◆ **INFORMATION SUPPLIED**:
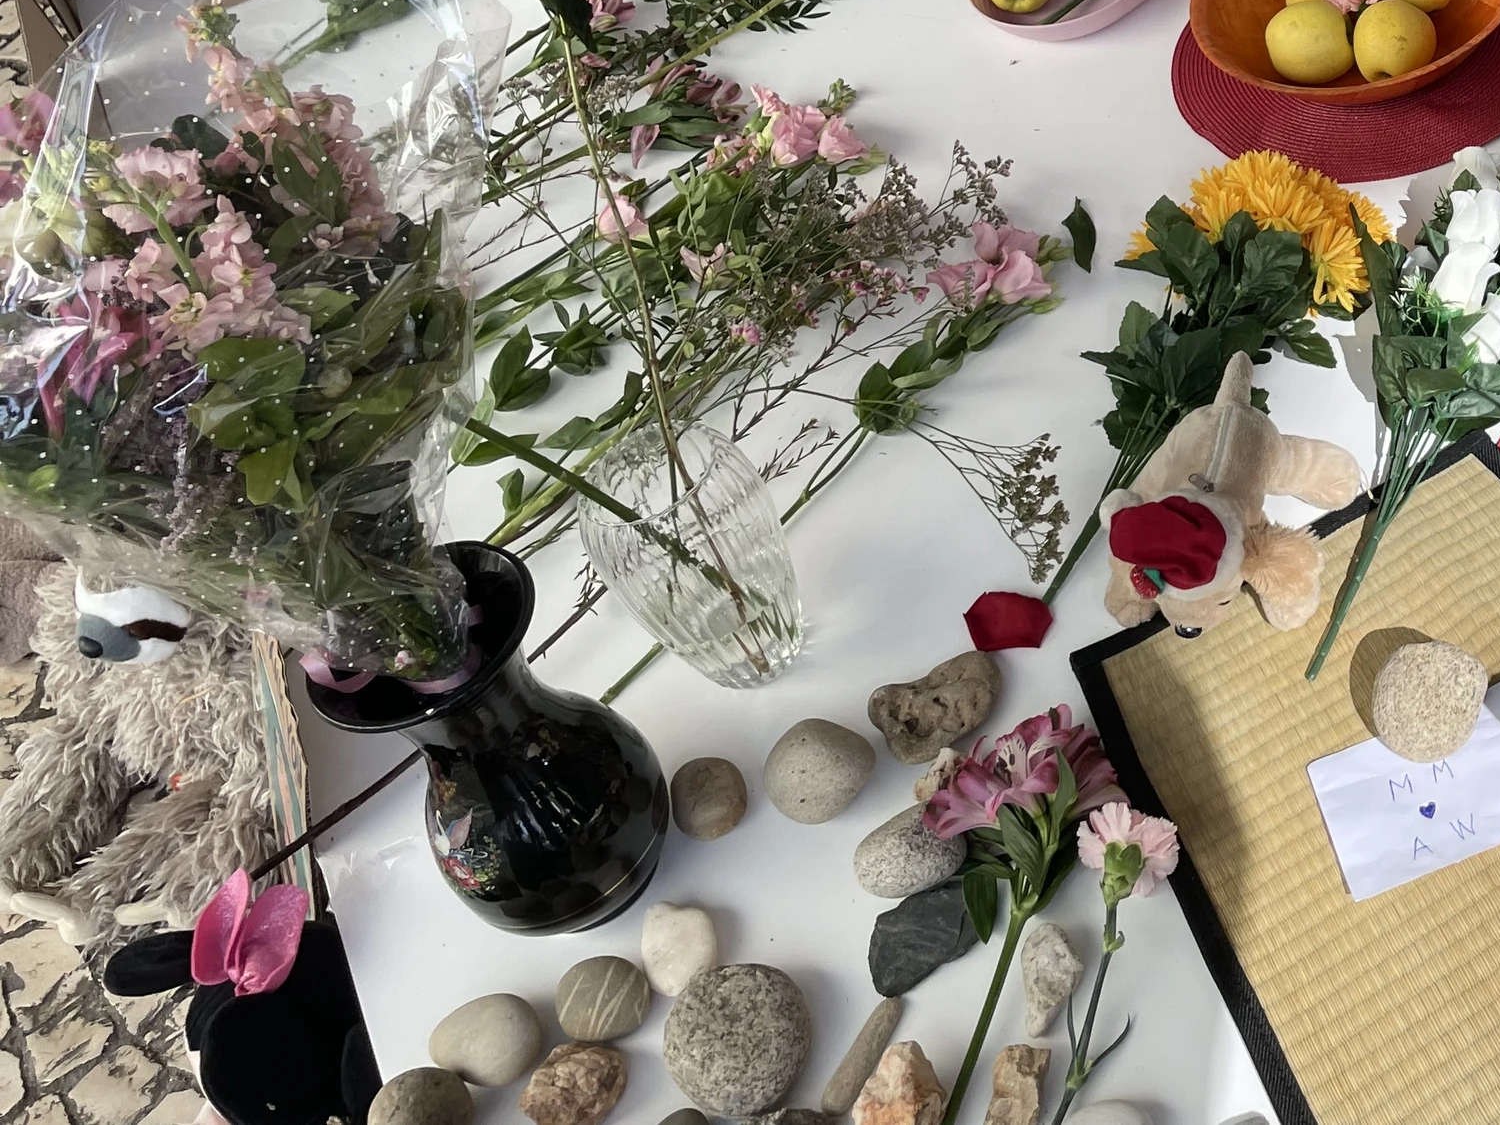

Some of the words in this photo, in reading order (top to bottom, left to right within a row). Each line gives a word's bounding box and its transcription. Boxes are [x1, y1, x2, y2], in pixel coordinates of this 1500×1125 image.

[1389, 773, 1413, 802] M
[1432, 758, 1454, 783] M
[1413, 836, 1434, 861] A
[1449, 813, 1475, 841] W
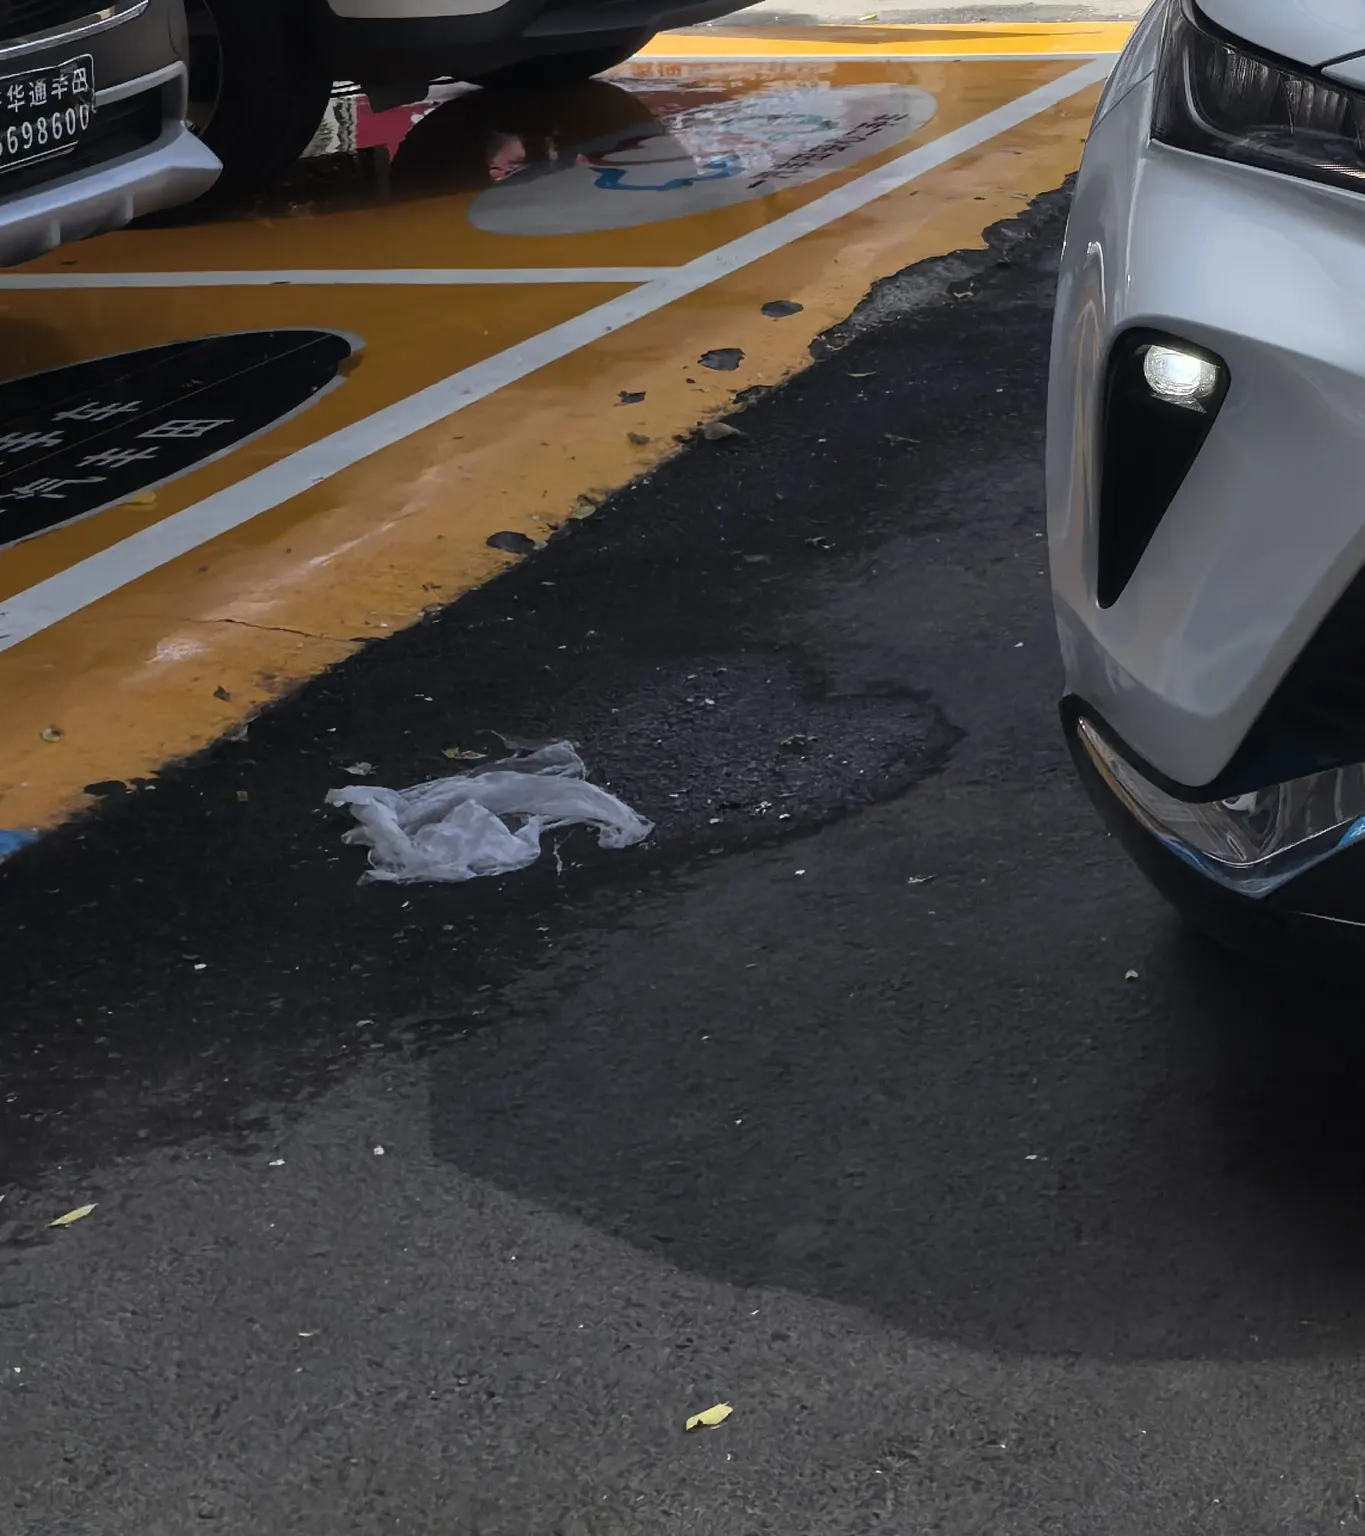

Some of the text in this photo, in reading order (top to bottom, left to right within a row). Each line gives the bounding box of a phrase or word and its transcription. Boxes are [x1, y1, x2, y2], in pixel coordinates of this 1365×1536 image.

◆ **EXERCISE OBJECTIVE**:
Transcribe the lines above exactly, setting aside any picture among them.

◆ **RESPONSE TO THE EXERCISE**:
Some of the words in this photo, in reading order (top to bottom, left to right within a row). Each line gives a word's bounding box and its transcription. Boxes are [x1, y1, x2, y2], in pixel coordinates of this 1500×1125 image.

[1389, 773, 1413, 802] M
[1432, 758, 1454, 783] M
[1413, 836, 1434, 861] A
[1449, 813, 1475, 841] W

Some of the text in this photo, in reading order (top to bottom, left to right within a row). Each line gives the bounding box of a phrase or word and its transcription. Boxes are [x1, y1, x2, y2], in pixel coordinates of this 1365×1536 image.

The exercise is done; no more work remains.